- Exercise directions:
Every record should be restated exactly, with no images included.

Stored dataset items:
***
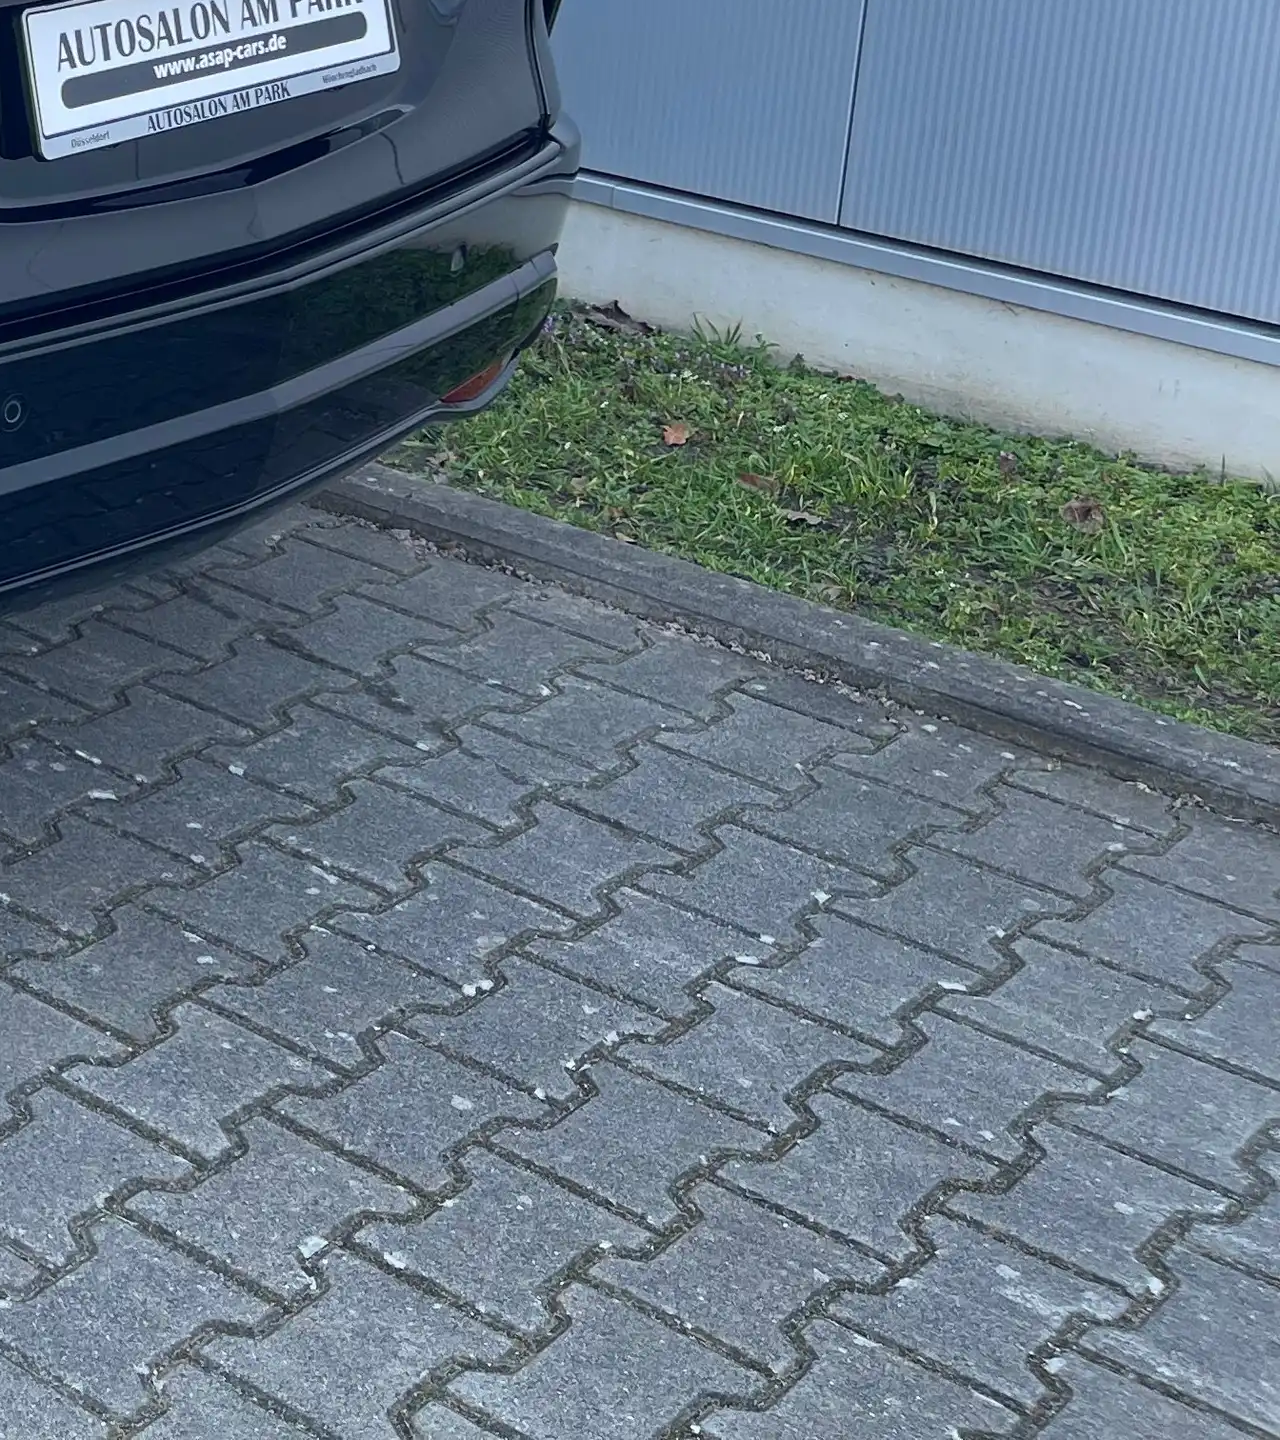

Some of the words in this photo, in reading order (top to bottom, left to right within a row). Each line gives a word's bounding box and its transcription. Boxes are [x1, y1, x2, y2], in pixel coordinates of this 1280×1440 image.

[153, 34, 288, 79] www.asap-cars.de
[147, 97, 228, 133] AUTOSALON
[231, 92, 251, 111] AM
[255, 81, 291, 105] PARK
***
- Result of the task:
Some of the words in this photo, in reading order (top to bottom, left to right within a row). Each line gives a word's bounding box and its transcription. Boxes are [x1, y1, x2, y2], in pixel coordinates of this 1280×1440 image.

[153, 34, 288, 79] www.asap-cars.de
[147, 97, 228, 133] AUTOSALON
[231, 92, 251, 111] AM
[255, 81, 291, 105] PARK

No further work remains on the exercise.